-- Opening Marker --
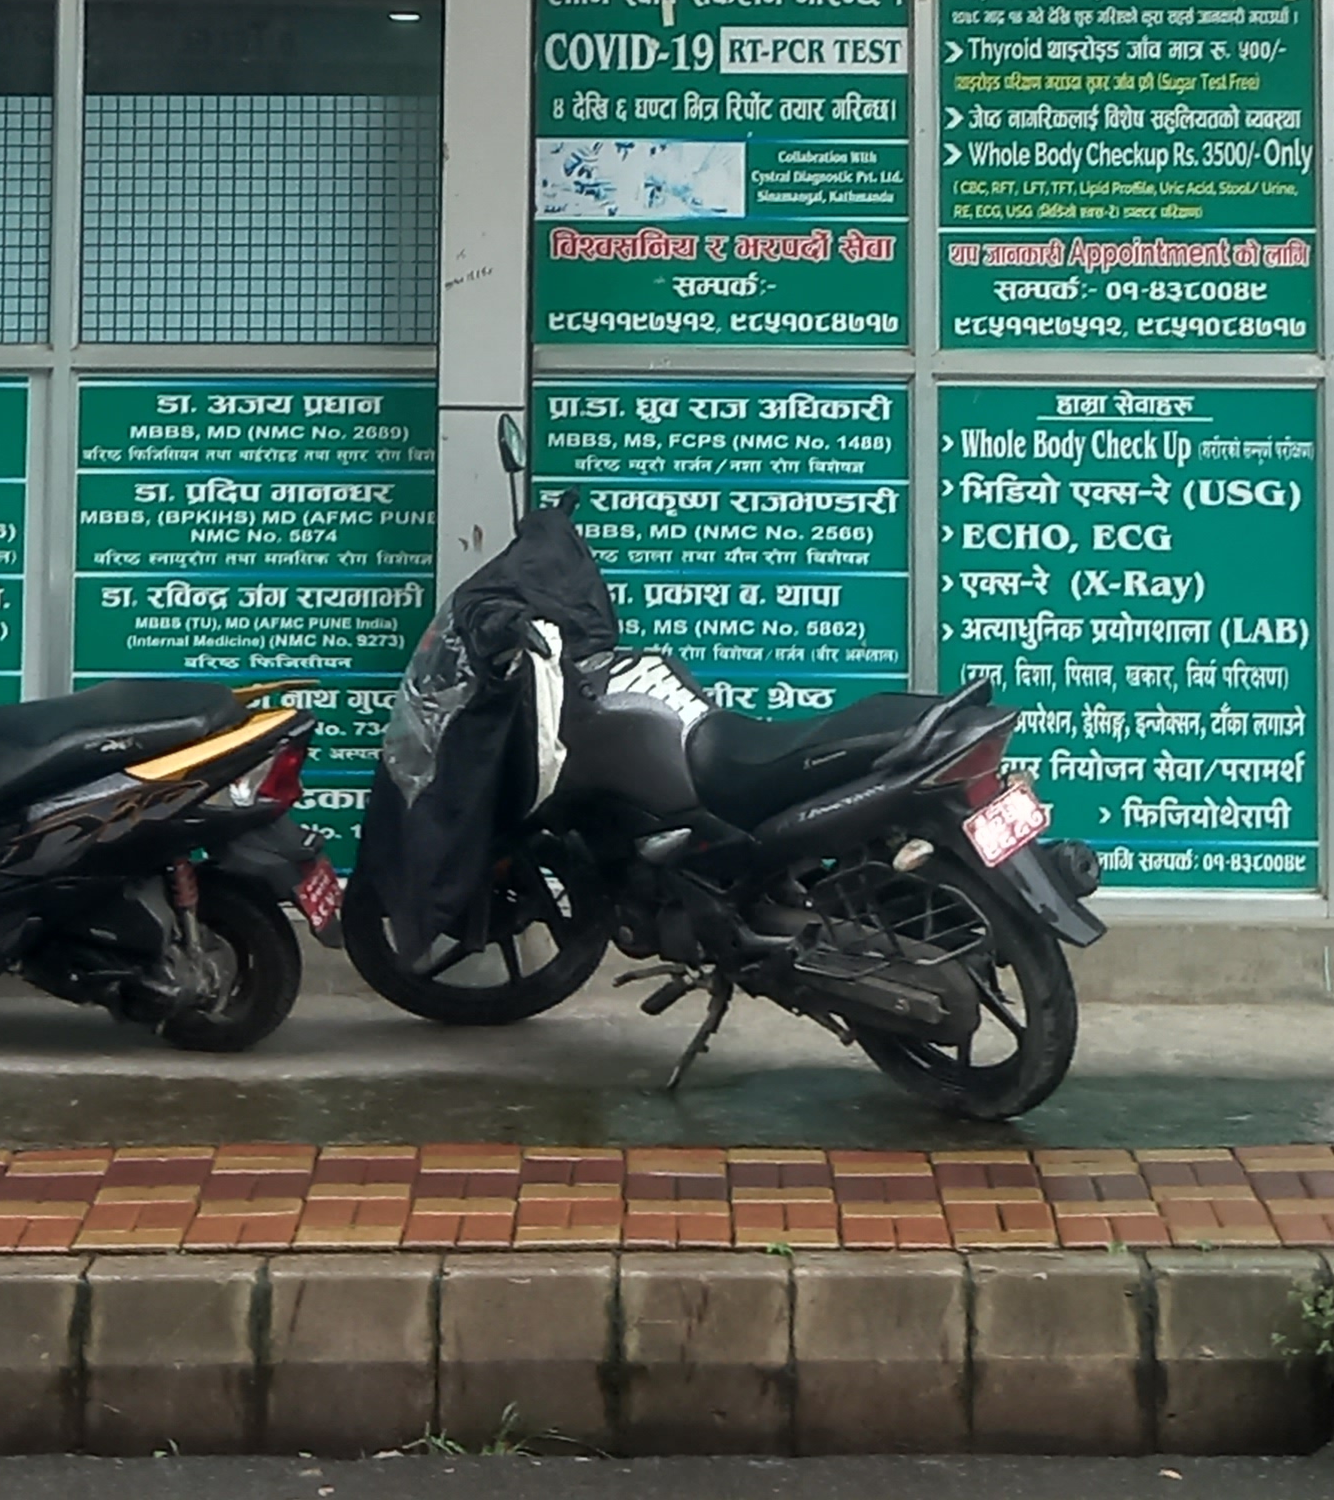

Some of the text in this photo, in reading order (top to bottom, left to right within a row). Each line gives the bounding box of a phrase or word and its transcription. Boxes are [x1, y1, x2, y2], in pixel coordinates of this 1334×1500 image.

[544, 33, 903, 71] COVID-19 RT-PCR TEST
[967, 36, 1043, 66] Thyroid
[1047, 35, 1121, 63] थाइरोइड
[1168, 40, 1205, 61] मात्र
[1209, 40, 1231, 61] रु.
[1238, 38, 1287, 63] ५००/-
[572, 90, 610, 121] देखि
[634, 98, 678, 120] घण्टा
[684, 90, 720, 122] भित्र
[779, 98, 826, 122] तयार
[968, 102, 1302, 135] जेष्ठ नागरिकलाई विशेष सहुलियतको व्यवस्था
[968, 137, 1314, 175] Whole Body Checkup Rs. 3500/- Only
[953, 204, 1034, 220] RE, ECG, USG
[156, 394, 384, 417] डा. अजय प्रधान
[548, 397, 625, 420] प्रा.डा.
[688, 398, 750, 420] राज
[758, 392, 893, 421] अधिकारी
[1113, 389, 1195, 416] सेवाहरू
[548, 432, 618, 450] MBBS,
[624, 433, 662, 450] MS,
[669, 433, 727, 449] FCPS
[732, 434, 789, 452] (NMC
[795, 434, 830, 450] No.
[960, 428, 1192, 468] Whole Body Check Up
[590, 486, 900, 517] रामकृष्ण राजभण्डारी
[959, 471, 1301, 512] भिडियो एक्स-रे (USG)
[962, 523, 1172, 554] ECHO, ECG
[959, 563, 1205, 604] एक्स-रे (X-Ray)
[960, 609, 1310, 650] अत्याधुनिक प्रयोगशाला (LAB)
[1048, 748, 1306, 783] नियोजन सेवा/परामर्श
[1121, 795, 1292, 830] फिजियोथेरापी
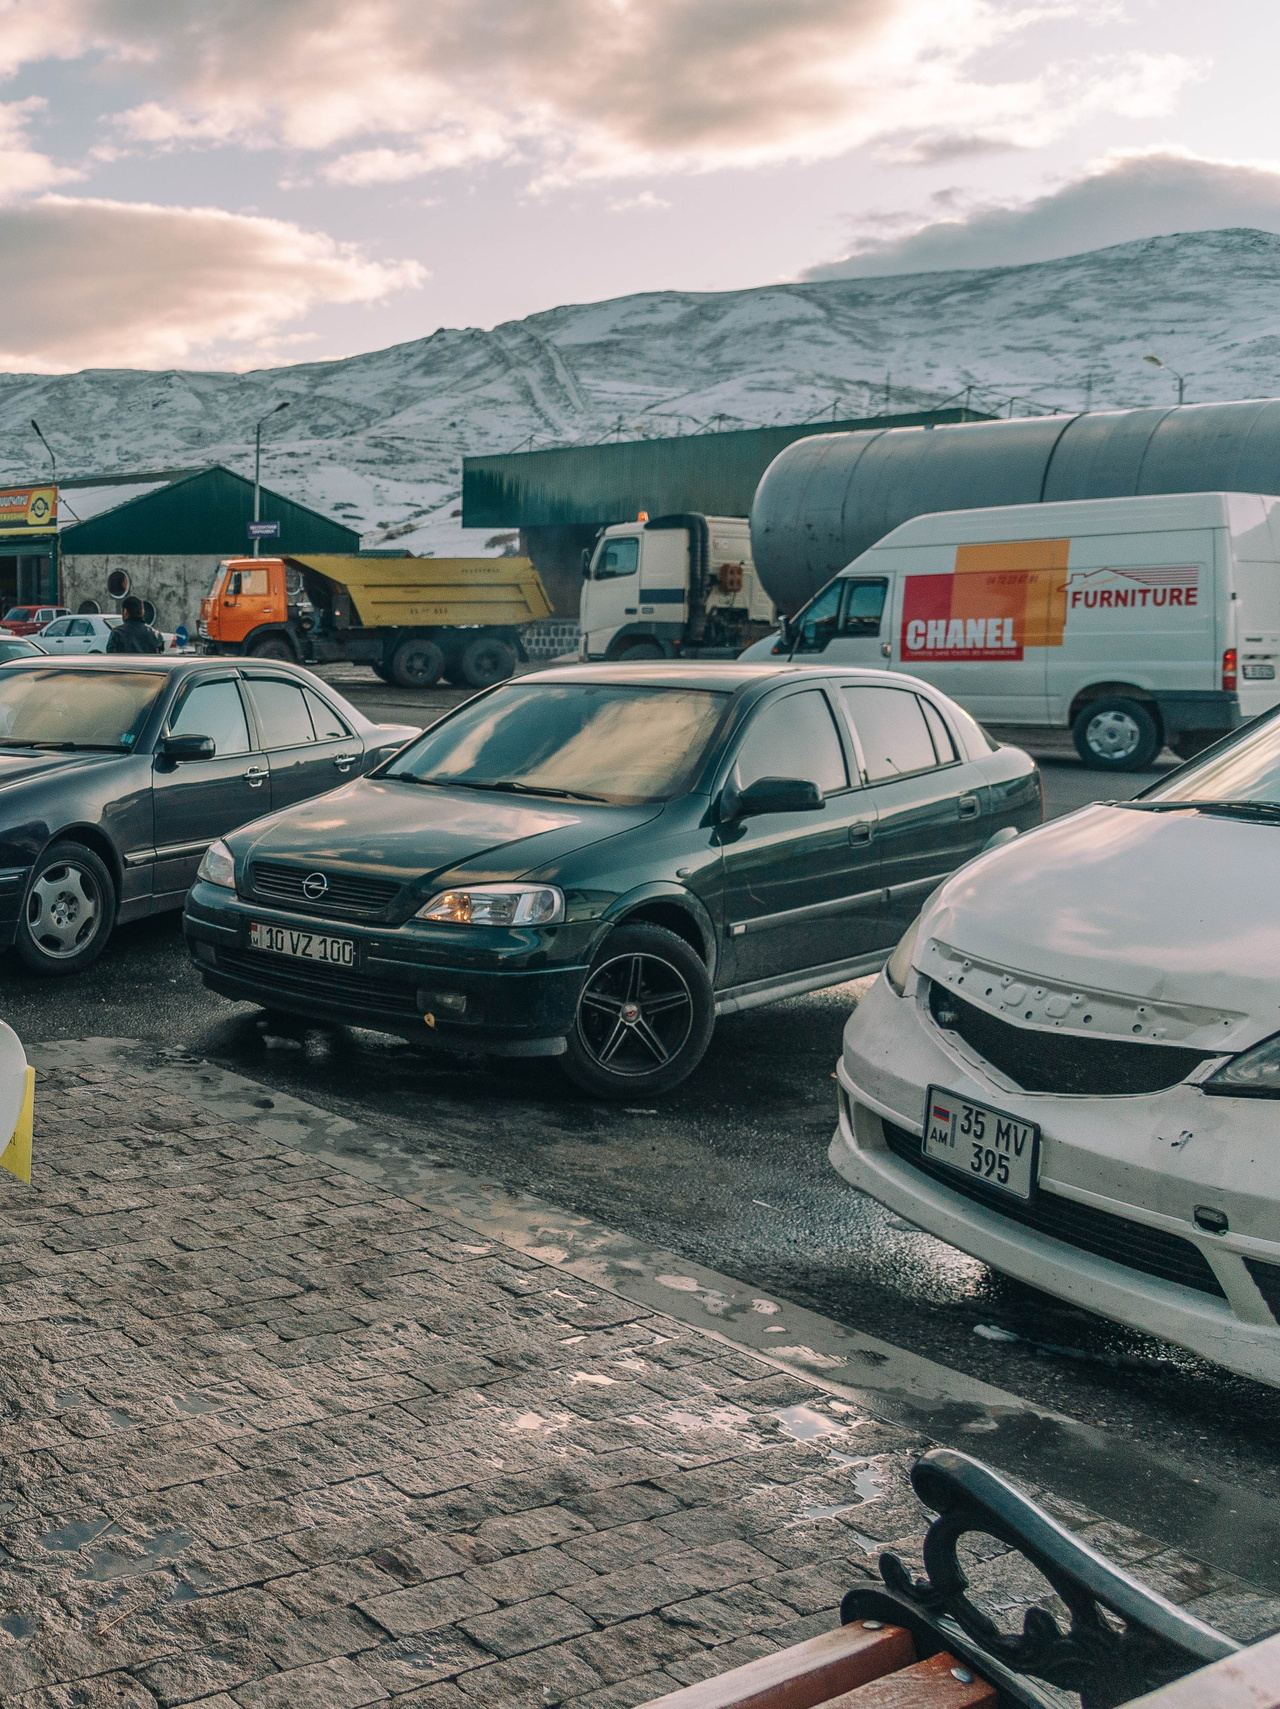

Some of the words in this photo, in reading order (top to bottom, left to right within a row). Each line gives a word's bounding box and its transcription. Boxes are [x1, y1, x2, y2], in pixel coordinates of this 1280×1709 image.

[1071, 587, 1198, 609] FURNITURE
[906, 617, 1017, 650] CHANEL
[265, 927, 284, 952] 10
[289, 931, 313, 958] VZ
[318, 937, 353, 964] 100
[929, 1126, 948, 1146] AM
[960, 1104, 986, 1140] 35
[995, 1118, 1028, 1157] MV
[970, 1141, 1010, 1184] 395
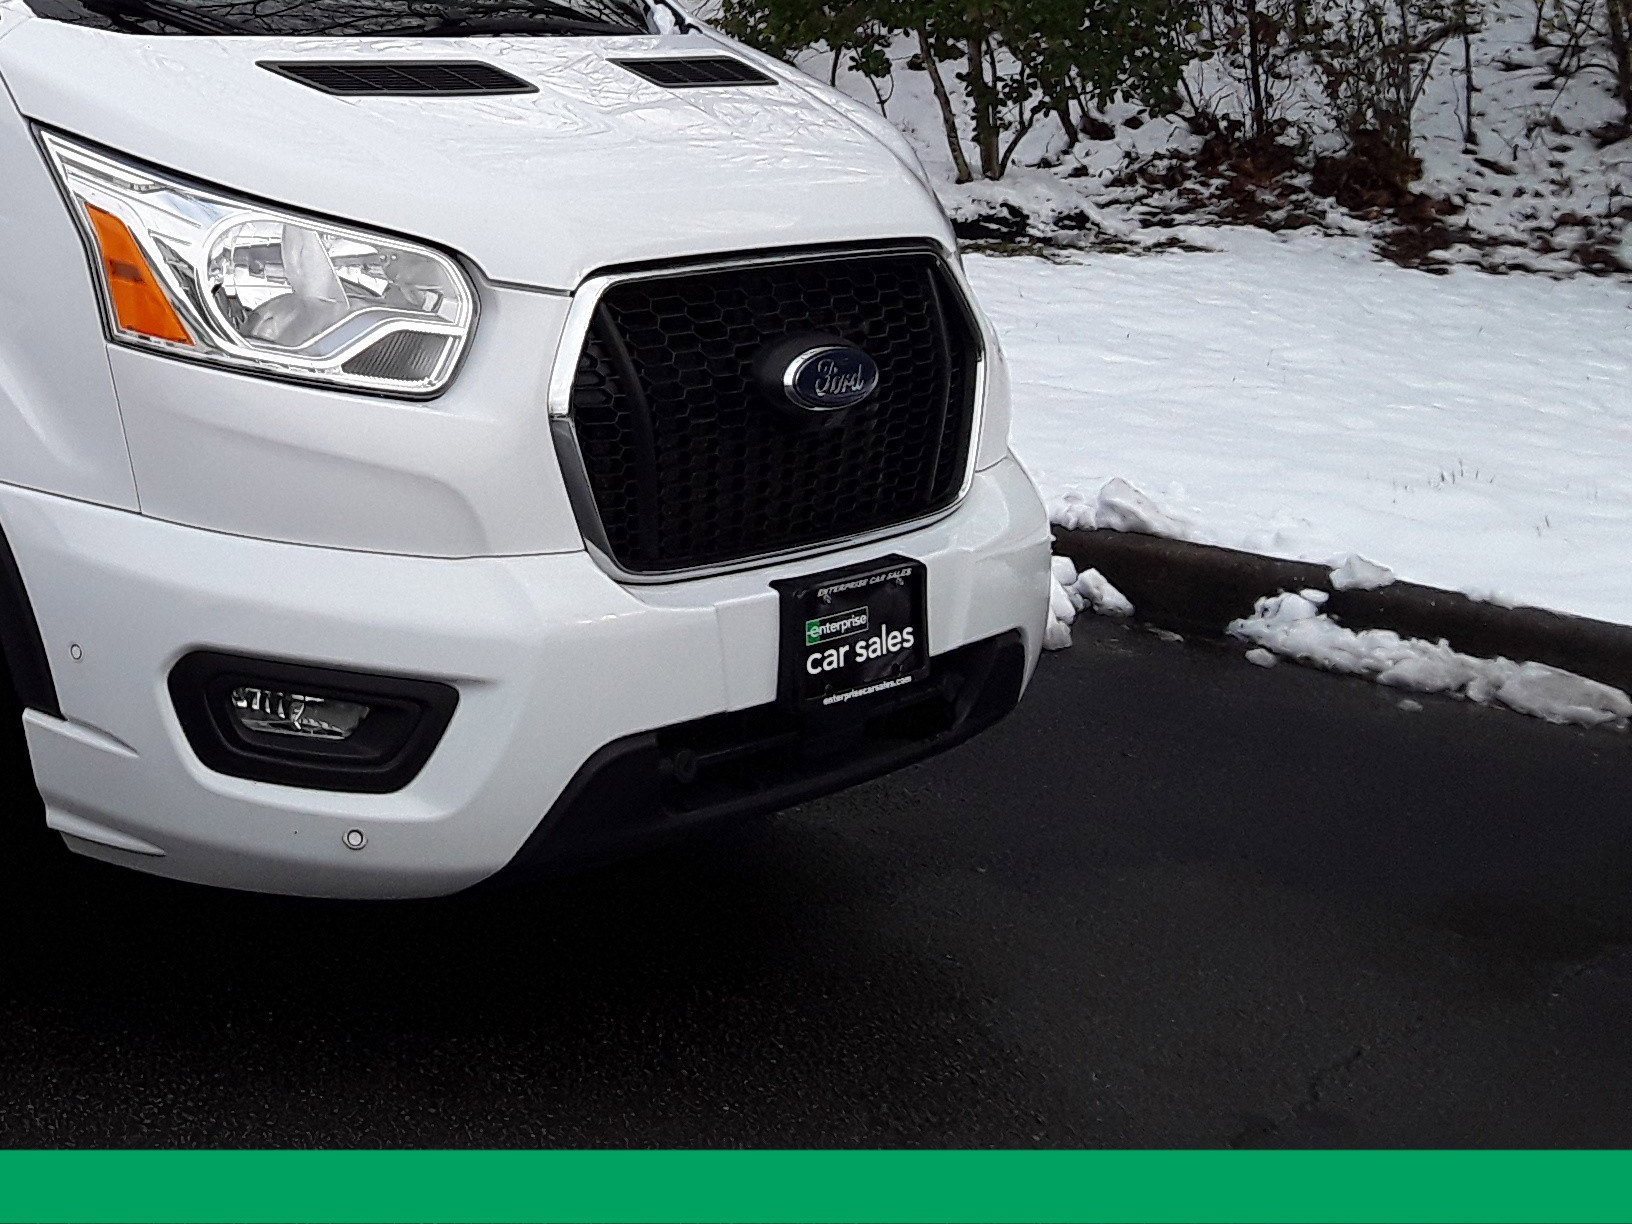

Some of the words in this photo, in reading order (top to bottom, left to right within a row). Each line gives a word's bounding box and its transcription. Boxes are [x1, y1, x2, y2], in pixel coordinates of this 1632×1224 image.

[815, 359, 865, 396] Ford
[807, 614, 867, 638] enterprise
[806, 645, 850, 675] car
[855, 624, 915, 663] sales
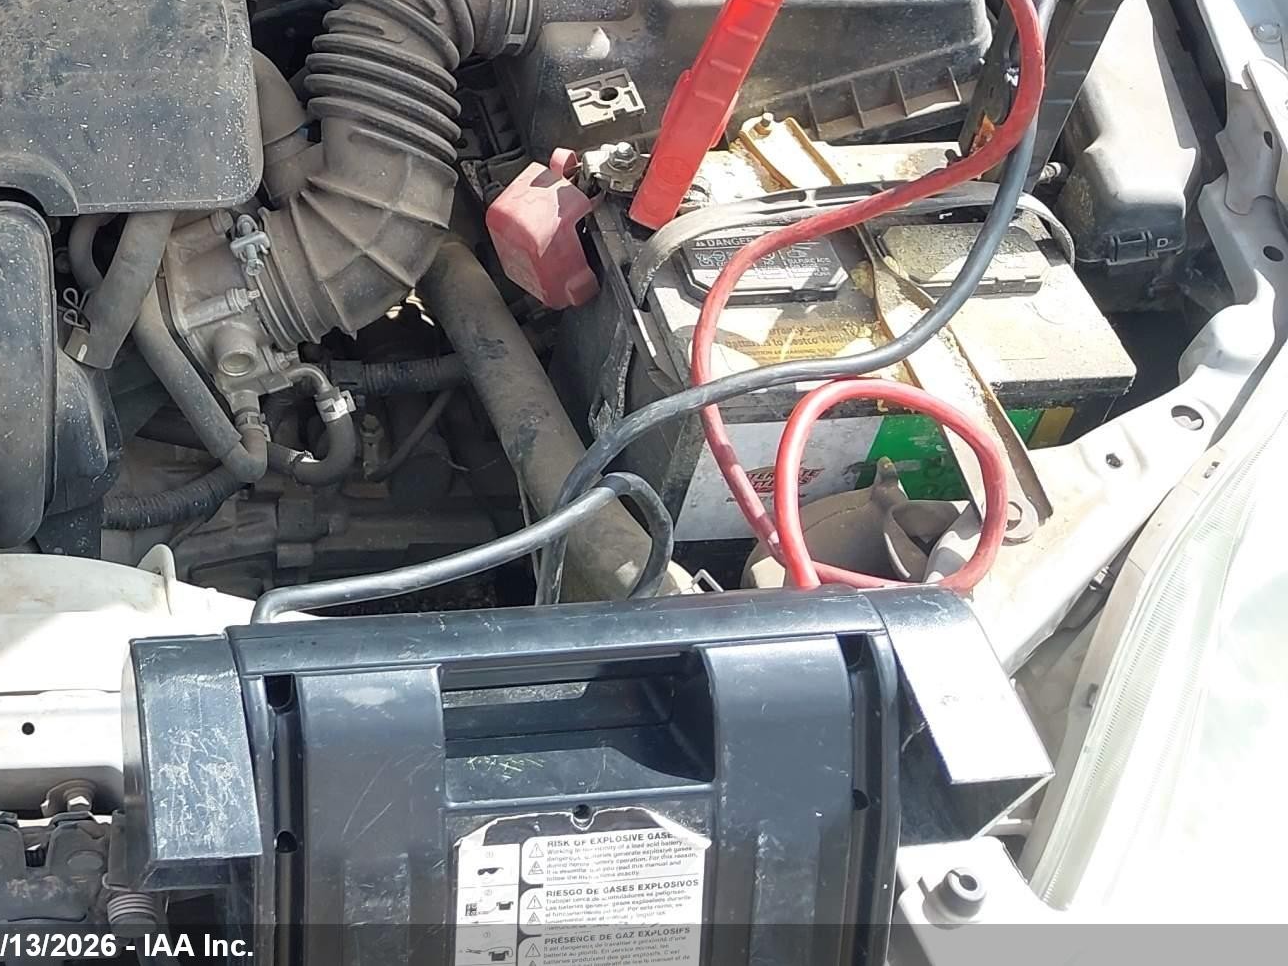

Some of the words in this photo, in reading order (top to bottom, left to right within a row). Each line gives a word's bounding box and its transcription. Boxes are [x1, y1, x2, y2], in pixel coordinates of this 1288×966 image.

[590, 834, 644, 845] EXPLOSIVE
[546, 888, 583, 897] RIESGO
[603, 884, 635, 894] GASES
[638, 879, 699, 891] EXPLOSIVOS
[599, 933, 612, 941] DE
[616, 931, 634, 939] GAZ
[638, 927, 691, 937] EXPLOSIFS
-- Closing Marker --
■ Task objective: Print the records again exactly. Skip every picture.

■ Final answer:
Some of the text in this photo, in reading order (top to bottom, left to right within a row). Each line gives the bounding box of a phrase or word and its transcription. Boxes are [x1, y1, x2, y2], in pixel coordinates of this 1334×1500 image.

[544, 33, 903, 71] COVID-19 RT-PCR TEST
[967, 36, 1043, 66] Thyroid
[1047, 35, 1121, 63] थाइरोइड
[1168, 40, 1205, 61] मात्र
[1209, 40, 1231, 61] रु.
[1238, 38, 1287, 63] ५००/-
[572, 90, 610, 121] देखि
[634, 98, 678, 120] घण्टा
[684, 90, 720, 122] भित्र
[779, 98, 826, 122] तयार
[968, 102, 1302, 135] जेष्ठ नागरिकलाई विशेष सहुलियतको व्यवस्था
[968, 137, 1314, 175] Whole Body Checkup Rs. 3500/- Only
[953, 204, 1034, 220] RE, ECG, USG
[156, 394, 384, 417] डा. अजय प्रधान
[548, 397, 625, 420] प्रा.डा.
[688, 398, 750, 420] राज
[758, 392, 893, 421] अधिकारी
[1113, 389, 1195, 416] सेवाहरू
[548, 432, 618, 450] MBBS,
[624, 433, 662, 450] MS,
[669, 433, 727, 449] FCPS
[732, 434, 789, 452] (NMC
[795, 434, 830, 450] No.
[960, 428, 1192, 468] Whole Body Check Up
[590, 486, 900, 517] रामकृष्ण राजभण्डारी
[959, 471, 1301, 512] भिडियो एक्स-रे (USG)
[962, 523, 1172, 554] ECHO, ECG
[959, 563, 1205, 604] एक्स-रे (X-Ray)
[960, 609, 1310, 650] अत्याधुनिक प्रयोगशाला (LAB)
[1048, 748, 1306, 783] नियोजन सेवा/परामर्श
[1121, 795, 1292, 830] फिजियोथेरापी

Some of the words in this photo, in reading order (top to bottom, left to right within a row). Each line gives a word's bounding box and its transcription. Boxes are [x1, y1, x2, y2], in pixel coordinates of this 1280×1709 image.

[1071, 587, 1198, 609] FURNITURE
[906, 617, 1017, 650] CHANEL
[265, 927, 284, 952] 10
[289, 931, 313, 958] VZ
[318, 937, 353, 964] 100
[929, 1126, 948, 1146] AM
[960, 1104, 986, 1140] 35
[995, 1118, 1028, 1157] MV
[970, 1141, 1010, 1184] 395

Some of the words in this photo, in reading order (top to bottom, left to right within a row). Each line gives a word's bounding box and its transcription. Boxes are [x1, y1, x2, y2], in pixel coordinates of this 1632×1224 image.

[815, 359, 865, 396] Ford
[807, 614, 867, 638] enterprise
[806, 645, 850, 675] car
[855, 624, 915, 663] sales

Some of the words in this photo, in reading order (top to bottom, left to right within a row). Each line gives a word's bounding box and its transcription. Boxes are [x1, y1, x2, y2], in pixel coordinates of this 1288×966 image.

[590, 834, 644, 845] EXPLOSIVE
[546, 888, 583, 897] RIESGO
[603, 884, 635, 894] GASES
[638, 879, 699, 891] EXPLOSIVOS
[599, 933, 612, 941] DE
[616, 931, 634, 939] GAZ
[638, 927, 691, 937] EXPLOSIFS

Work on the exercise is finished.